The Planet of Diamonds

Thank you my friends, for coming in such large numbers to listen to this ragged old story-teller with his grey beard and bad teeth. Thank you. My story today, is about our own ruler Prince Mohammed Bin Rushdie, who we lovingly call MBR. But of course a story-teller worth his salt does not plunge straight away into the history without explaining the background.

There is a story about Jeff Bezos which is probably apocryphal, but I will tell it anyway. He decided one morning that he would collect his waste material and weigh it. There were three fairly solid turds, burnished gold in colour -what else?, and they tipped the scales at 61.67 grams. He had also used a chronometer to time the process, and recorded in a notebook, that from the moment of entry in the toilet to his exit, it took thirteen minutes and twenty-six seconds, or 13.4333 minutes.

The day before, he had checked with his accountants that he makes $321 million a day, or $222,884 a minute. If you have a calculator handy, you will find that 13.4333 minutes of Jeff’s life is worth $3,090,643. From these figures, after rounding, it can be calculated that his shit is worth $50,000 per gram.

I have not heard that Mr Bezos has any plans to sell his shit on Amazon, or e-Bay, or anywhere else, but who is to say that this can be entirely ruled out?
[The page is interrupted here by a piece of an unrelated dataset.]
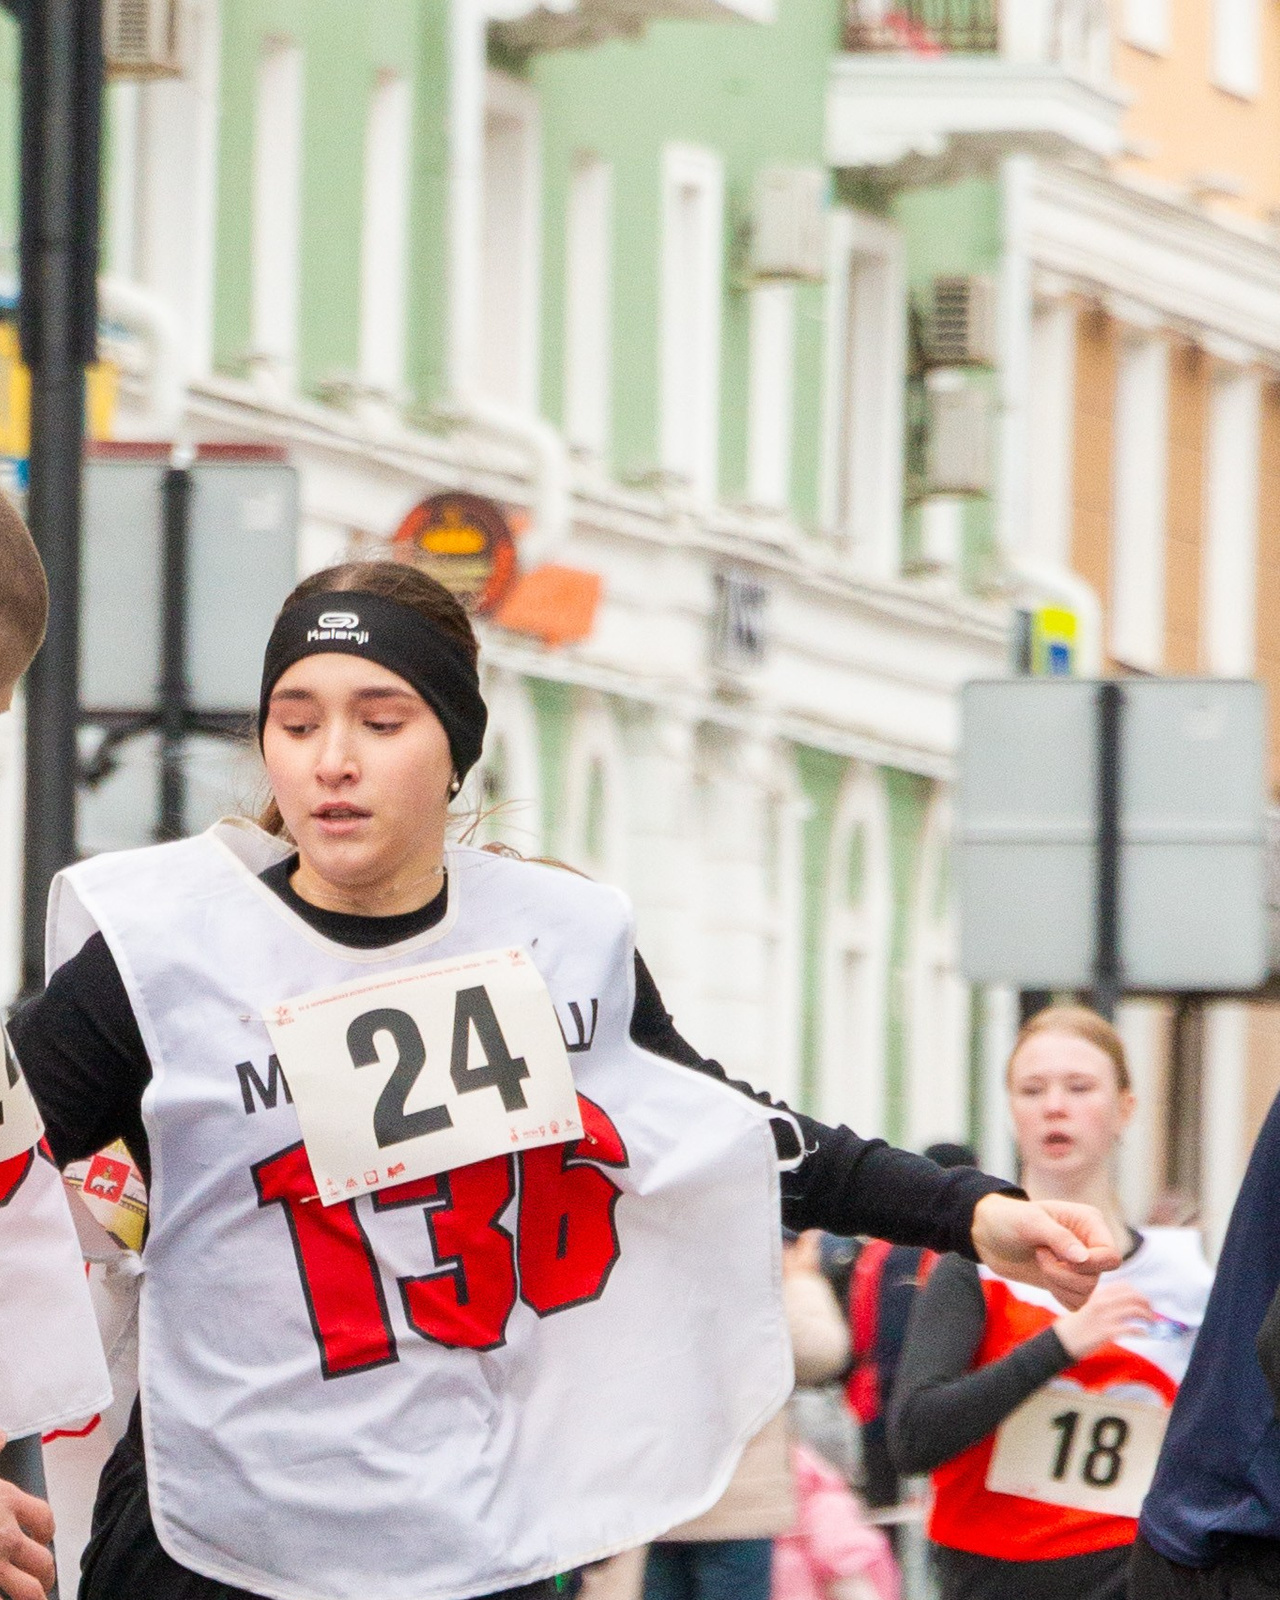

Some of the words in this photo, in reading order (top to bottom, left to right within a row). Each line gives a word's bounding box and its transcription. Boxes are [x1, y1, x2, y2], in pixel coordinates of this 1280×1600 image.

[346, 985, 531, 1150] 24
[250, 1091, 631, 1381] 136
[1051, 1410, 1129, 1487] 18
People own lots of things which they jealously guard, with no intention of using them. Take that bottle of Isabella Islay whisky which someone paid $6.2 million for. We can imagine the proud owner celebrating his birthday taking his guests to the purpose-built salon where it is exhibited in a reinforced glass vitrine with an armed guard making sure of its safety. Clearly priceless bottles are not meant to be drunk, they are passed on to heirs.

No, dear listeners, I m not just spouting these facts to waste time and pad my story. My old mentor Quayyum bin Quayyum warned us against padding. The audience always pick it out and pays the storyteller in yawns. I am just putting the tale of Prince Mohammed bin Rushdie in its context. He is known to the world as MBR. He is a great reformer, and has allowed the women of his country the right to drive. He is known for his respect of justice, and if anyone breaks his law, he is known to order a suitable punishment. He has a chateau in France, a yacht that Russian oligarchs eye with unconcealed envy. Although he is known to be very even-tempered and relaxed, it is said that if anyone mentions the name of Jeff Bezos in his presence, he can fly into the most fearsome rage. He has claimed to be the first person in the world to own $1 trillion, but Forbes does not recognise this, giving for pretext that he is conflating his wealth with that of his country. Forbes seem to ignore the fact that the country belongs to him.

But dear listeners, there are other things we need to know if we are to understand the meaning of wealth, about which, ultimately, my story is all about. I do not propose to tell you what to think, but will only give you some facts which will help you form your own opinion. The gourmets among you, might conceivably understand, albeit with some effort, that Kiyoshi Kimura, the so-called king of sushi in Tokyo, paid over $3 million for a 287 kg bluefin. That comes to about about $10 per gm. Which means that a sushi with 10 gm of tuna would fetch just under $100. Kimura san undoubtably realised a handsome profit on his outlay, since Japan has enough millionaires (and billionaires) and they can afford a little luxury when the fancy takes them.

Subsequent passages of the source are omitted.